Premiums for conventional insurance would be higher because of the effect of MSAs on the insurance market, the phenomenon known as adverse selection.
- Adverse selection would occur because substantial numbers of young, healthy people with low medical costs would choose to use the high-deductible insurance policies and MSAs and thereby to retain their unspent dollars in their own accounts. This would leave people who are less healthy and have higher medical costs in conventional, low-deductible health insurance plans.
- Such a division of the market would drive up the cost of low-deductible insurance for the less healthy segments of the population who most need it. Research conducted by the Urban Institute, RAND, and the American Academy of Actuaries suggests that premiums for conventional insurance could more than double if MSA use becomes widespread. According to the American Academy of Actuaries, "The greatest savings [from MSAs] will be for the employees who have little or no health care expenditures. The greatest losses will be for the employees with substantial health care expenditures. Those with high expenditures are primarily older employees and pregnant women."(2)
When Congress was debating MSAs in 1996 as part of its deliberations on the Health Insurance Portability and Accountability Act, there was concern about the effects that widespread adverse selection could have on the insurance market. Accordingly, Congress allowed MSAs only as a limited demonstration policy so it could secure more information on this matter. The demonstration period is scheduled to expire at the end of this year, but limited use of MSAs during the demonstration period has made it impossible to conduct the comprehensive evaluation of MSAs the 1996 law envisioned. Despite the absence of information indicating that MSAs would not cause serious problems, the Archer proposal would make MSAs universally available and relax a number of other safeguards in the 1996 demonstration design. Any negative consequences MSAs may have for the insurance market consequently could become pervasive and difficult to reverse.
- Evidence suggests adverse selection in the usage of MSAs already is occurring under the demonstration project.
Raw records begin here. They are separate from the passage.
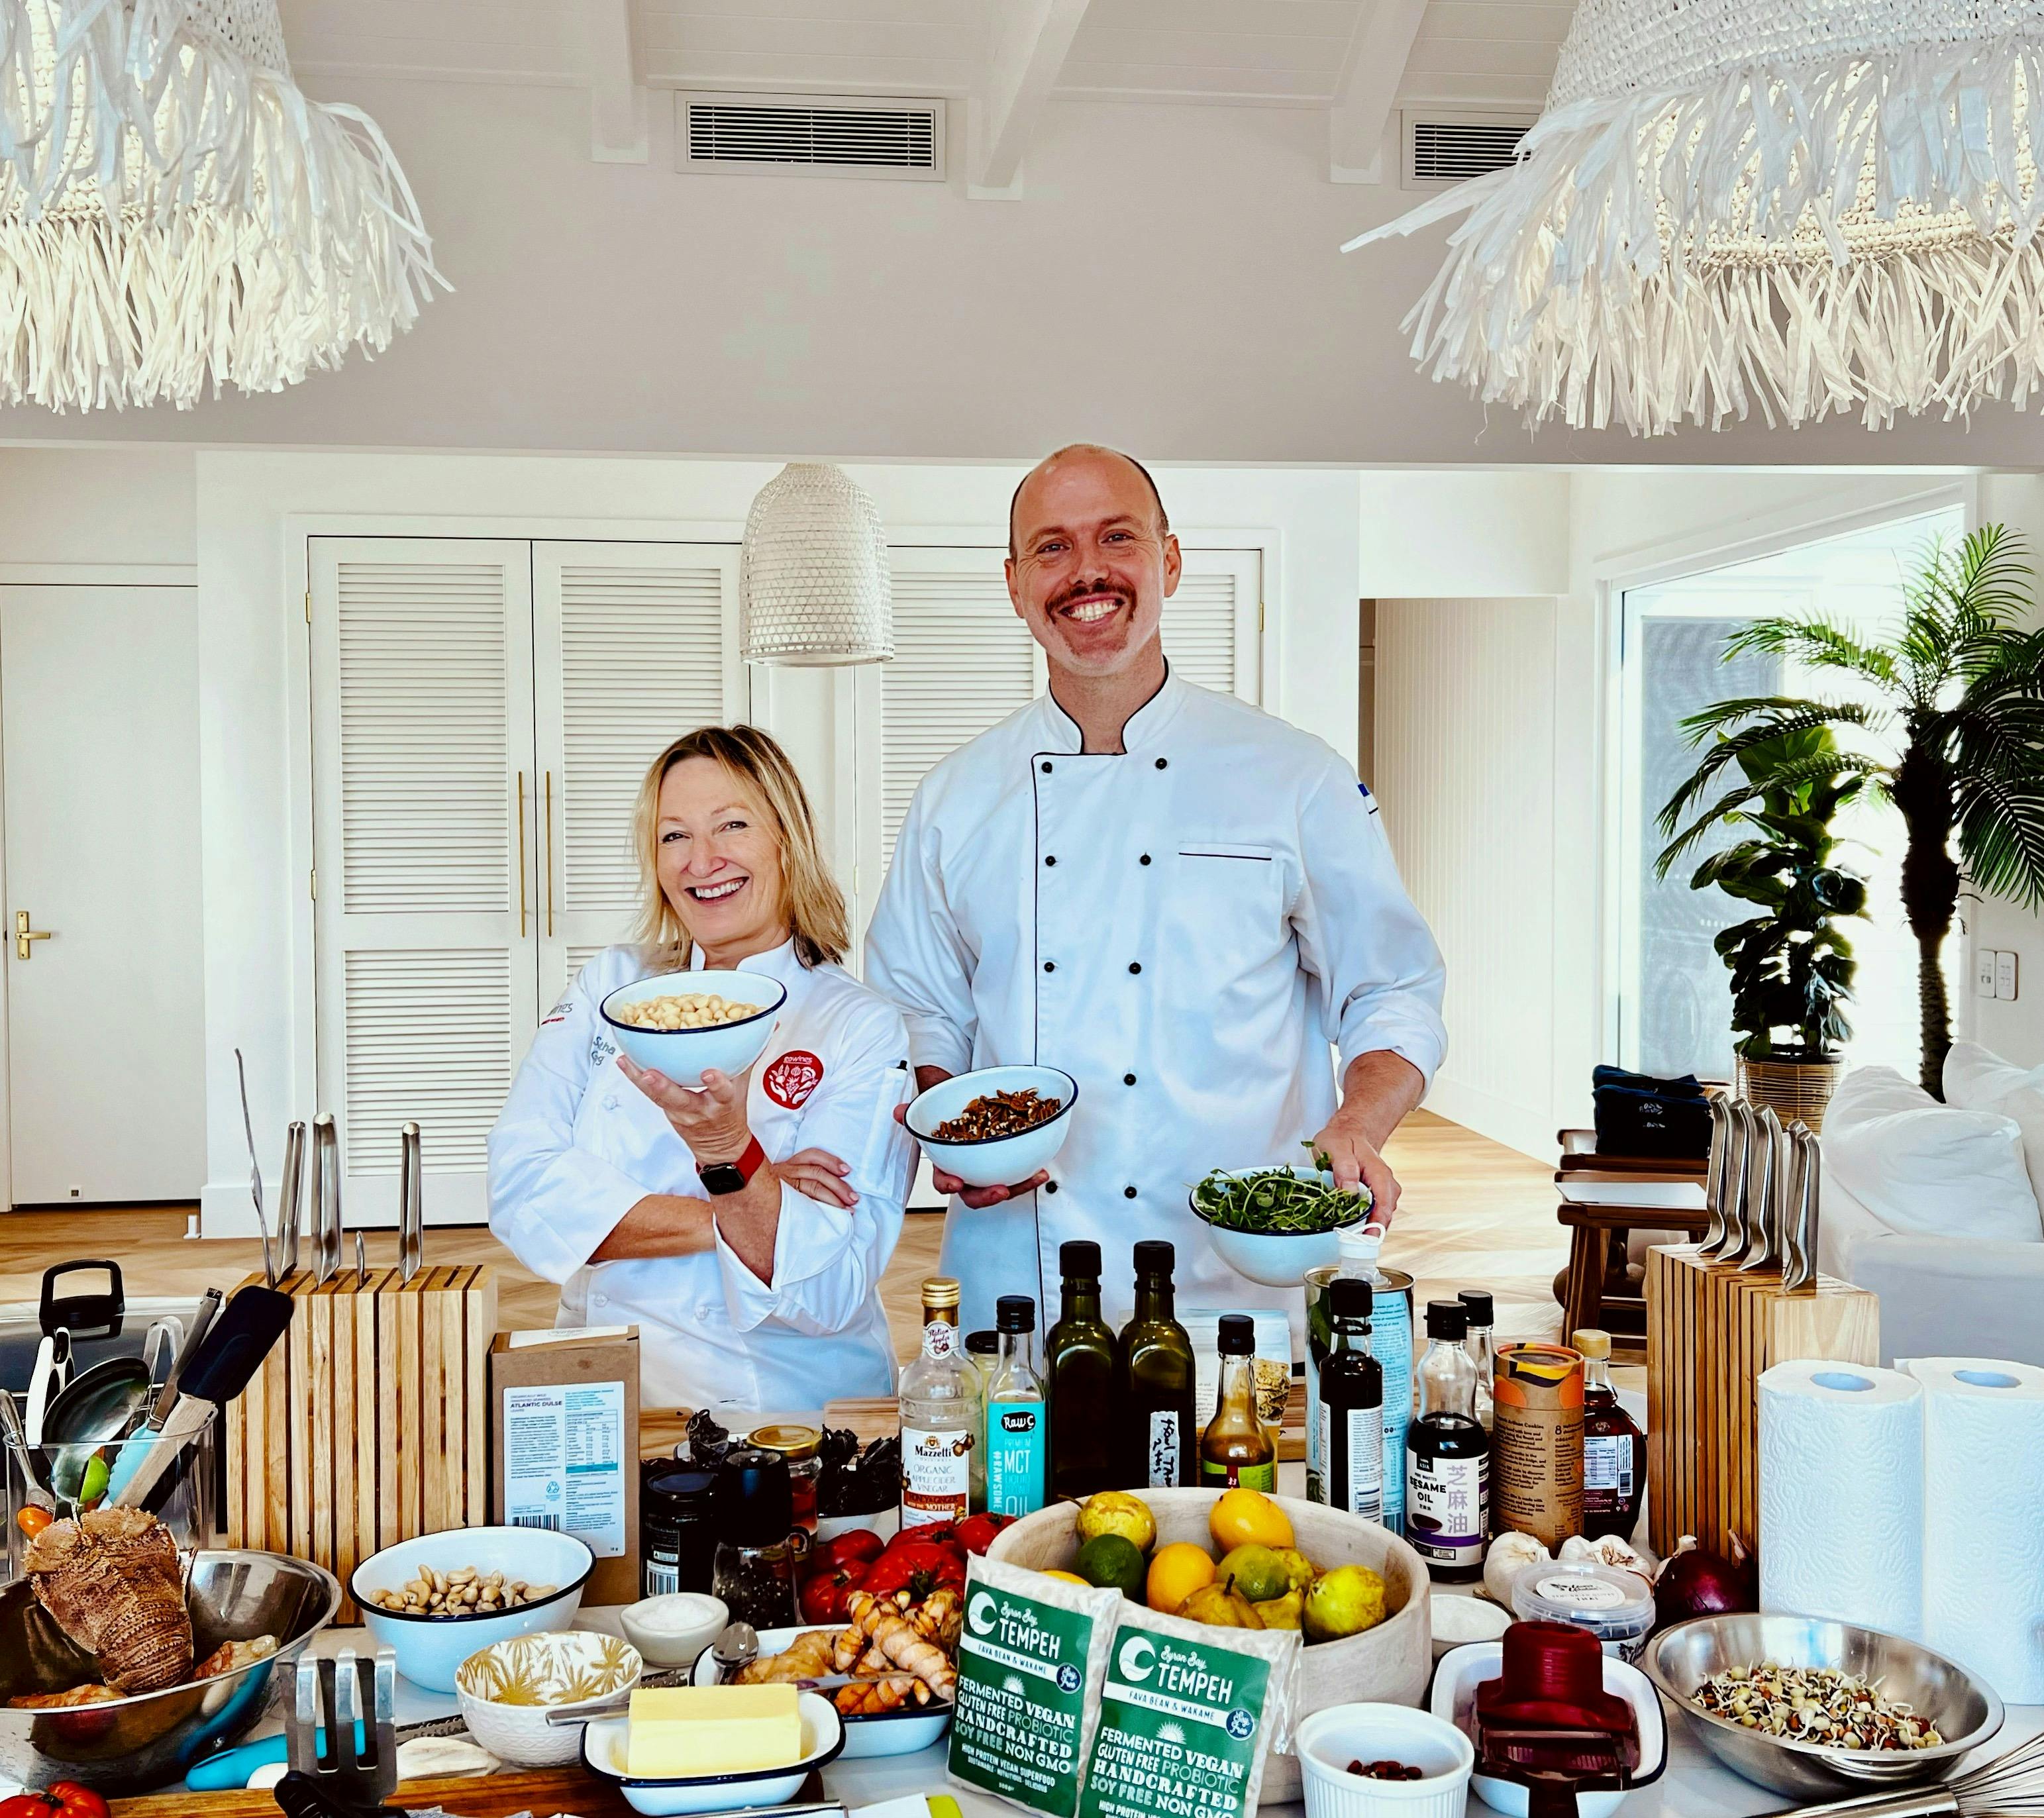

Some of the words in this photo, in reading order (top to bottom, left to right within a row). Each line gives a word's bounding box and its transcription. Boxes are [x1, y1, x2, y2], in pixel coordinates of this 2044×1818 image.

[1555, 1425, 1562, 1435] 8
[915, 1444, 952, 1458] Mazzetti
[1004, 1450, 1031, 1474] MCT
[911, 1474, 930, 1484] APPLE
[913, 1464, 952, 1474] ORGANIC
[1409, 1476, 1447, 1493] SESAME
[917, 1484, 948, 1493] VINEGAR
[1417, 1491, 1433, 1503] OIL
[1447, 1465, 1468, 1534] 芝麻油
[1005, 1495, 1029, 1517] OIL
[999, 1617, 1061, 1660] TEMPEH
[978, 1644, 992, 1656] FAVA
[994, 1649, 1011, 1662] BEAN
[1012, 1655, 1017, 1664] &
[1019, 1658, 1047, 1675] WAKAME
[1160, 1644, 1188, 1664] Byron
[1187, 1650, 1208, 1672] Bay
[1157, 1662, 1233, 1705] TEMPEH
[958, 1675, 1023, 1710] FERMENTED
[1025, 1701, 1076, 1729] VEGAN
[958, 1690, 986, 1713] GLUTEN
[987, 1701, 1006, 1721] FREE
[1007, 1709, 1074, 1743] PROBIOTIC
[1129, 1690, 1147, 1703] FAVA
[1149, 1696, 1170, 1711] BEAN
[1172, 1701, 1178, 1711] &
[1181, 1703, 1215, 1721] WAKAME
[956, 1704, 1072, 1758] HANDCRAFTED
[954, 1720, 975, 1739] SOY
[976, 1729, 1003, 1752] FREE
[1005, 1741, 1035, 1764] NON
[1035, 1753, 1072, 1774] GMO
[1100, 1726, 1182, 1761] FERMENTED
[1185, 1749, 1245, 1780] VEGAN
[961, 1742, 975, 1756] HIGH
[975, 1748, 999, 1766] PROTEIN
[1000, 1758, 1019, 1774] VEGAN
[1019, 1766, 1056, 1787] SUPERFOOD
[1098, 1742, 1135, 1766] GLUTEN
[1135, 1752, 1160, 1773] FREE
[1161, 1759, 1240, 1794] PROBIOTIC
[1090, 1775, 1117, 1795] SOY
[1119, 1783, 1153, 1806] FREE
[1155, 1793, 1194, 1817] NON
[1093, 1758, 1239, 1811] HANDCRAFTED
[1098, 1799, 1115, 1815] HIGH
[1115, 1804, 1147, 1818] PROTEIN
A survey of insurers offering MSA plans notes that "Insurers expect relatively better health status and lower service utilization by enrollees selecting high-deductible plans and price their products accordingly." [Emphasis added.] In other words, the insurers can afford to set lower premiums for insurance policies used with MSAs, because they know it will be healthier people who are attracted to using MSAs. This survey of insurers was conducted by Westat under contract with the General Accounting Office in partial fulfilment of the terms of the demonstration project Congress established in 1996.
- The Archer proposal would make the accounts universally available. If MSAs become widely popular among consumers with relatively better health, an adverse selection cycle could be triggered that would drive up the cost of conventional, more comprehensive insurance. The resulting premium increases are likely to be large enough to make such insurance unaffordable and unavailable for substantial numbers of Americans.
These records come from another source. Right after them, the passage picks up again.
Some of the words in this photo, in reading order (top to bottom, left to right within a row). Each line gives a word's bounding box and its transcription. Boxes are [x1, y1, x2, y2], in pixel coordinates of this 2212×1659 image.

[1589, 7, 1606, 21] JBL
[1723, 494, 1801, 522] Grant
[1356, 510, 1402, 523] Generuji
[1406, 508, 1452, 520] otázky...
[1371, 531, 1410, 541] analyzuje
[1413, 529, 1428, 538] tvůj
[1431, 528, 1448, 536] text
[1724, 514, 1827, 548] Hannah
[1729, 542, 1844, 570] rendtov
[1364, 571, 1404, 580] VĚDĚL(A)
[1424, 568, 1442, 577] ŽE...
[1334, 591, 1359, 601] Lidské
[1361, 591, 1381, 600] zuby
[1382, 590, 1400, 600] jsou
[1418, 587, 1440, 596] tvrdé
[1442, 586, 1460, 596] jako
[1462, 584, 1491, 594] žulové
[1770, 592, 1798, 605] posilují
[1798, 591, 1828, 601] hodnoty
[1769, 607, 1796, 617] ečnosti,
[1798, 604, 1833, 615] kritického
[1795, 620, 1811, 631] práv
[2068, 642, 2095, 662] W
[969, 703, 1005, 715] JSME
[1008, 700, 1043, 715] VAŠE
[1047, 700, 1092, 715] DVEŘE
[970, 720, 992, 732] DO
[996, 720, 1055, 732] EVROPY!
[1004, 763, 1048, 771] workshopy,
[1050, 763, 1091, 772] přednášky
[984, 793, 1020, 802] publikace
In addition, the changes in the Archer proposal could create a major new tax shelter. The tax shelter would come about because of the similarities between MSAs and Individual Retirement Accounts. Under current law, married taxpayers who are covered by an employer-sponsored pension plan may deduct from their income up to $4,000 a year for deposits to an IRA if their income is below $62,000. By 2007, they will be able to make such deposits if their income is below $100,000.(3) Earnings on funds deposited in an IRA compound free of tax; no tax is due on either the deposits or the earnings until funds are withdrawn after retirement (or for a limited number of other purposes).
Taxpayers with incomes above these limits who have pension coverage under employer-sponsored plans are not eligible to use deductible IRAs. When IRA policies were revised in 1986 and again in 1997, Congress determined that such income limits were appropriate largely because the evidence indicates that higher-income individuals can and will save without a taxpayer subsidy; giving high-income taxpayers a tax subsidy for saving is not an efficient use of government funds.
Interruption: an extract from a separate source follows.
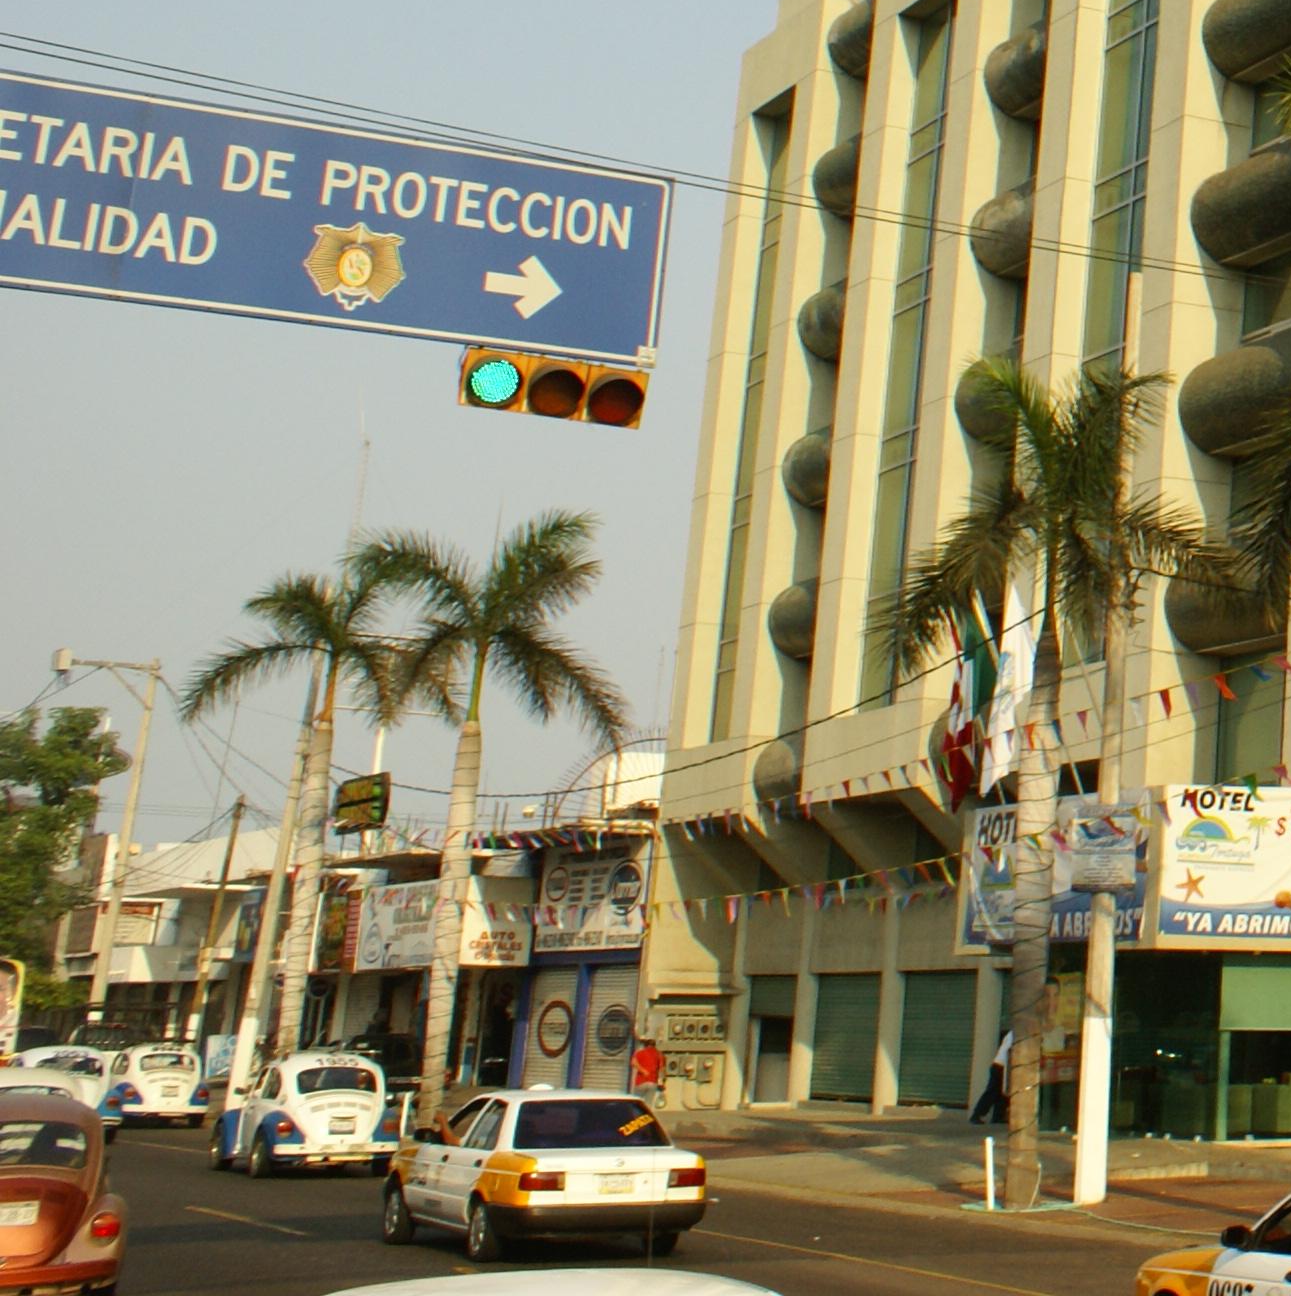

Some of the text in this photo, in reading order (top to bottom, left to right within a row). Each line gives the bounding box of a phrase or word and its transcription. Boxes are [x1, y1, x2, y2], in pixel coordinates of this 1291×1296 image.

[221, 144, 296, 200] DE
[319, 158, 633, 251] PROTECCION
[1180, 788, 1256, 813] HOTEL
[1274, 817, 1287, 837] $
Nevertheless, MSAs could be used by high-income taxpayers as a means to circumvent the income limits that govern tax-advantaged deposits to Individual Retirement Accounts. Under the proposed MSA expansion, all high-income taxpayers who choose to use MSAs would be allowed to make tax deductible deposits, and the earnings on these MSA deposits would compound free of tax. Like funds deposited in an IRA, funds on deposit in an MSA may be invested in stocks, bonds, or similar types of assets. MSA deposits and earnings are never taxed if MSA funds are used to pay medical costs. Moreover, the tax advantages of MSAs can be substantial even if the funds in the accounts are later withdrawn and used primarily or exclusively for non-medical purposes. If deposits are held until retirement age, for example, there is no penalty for withdrawal for non-medical purposes. Even if funds are withdrawn for non-medical purposes before retirement age, there are a number of circumstances under which the value of the tax-free compounding of the deposits over a number of years would outweigh the penalty that must be paid for a non-medical withdrawal.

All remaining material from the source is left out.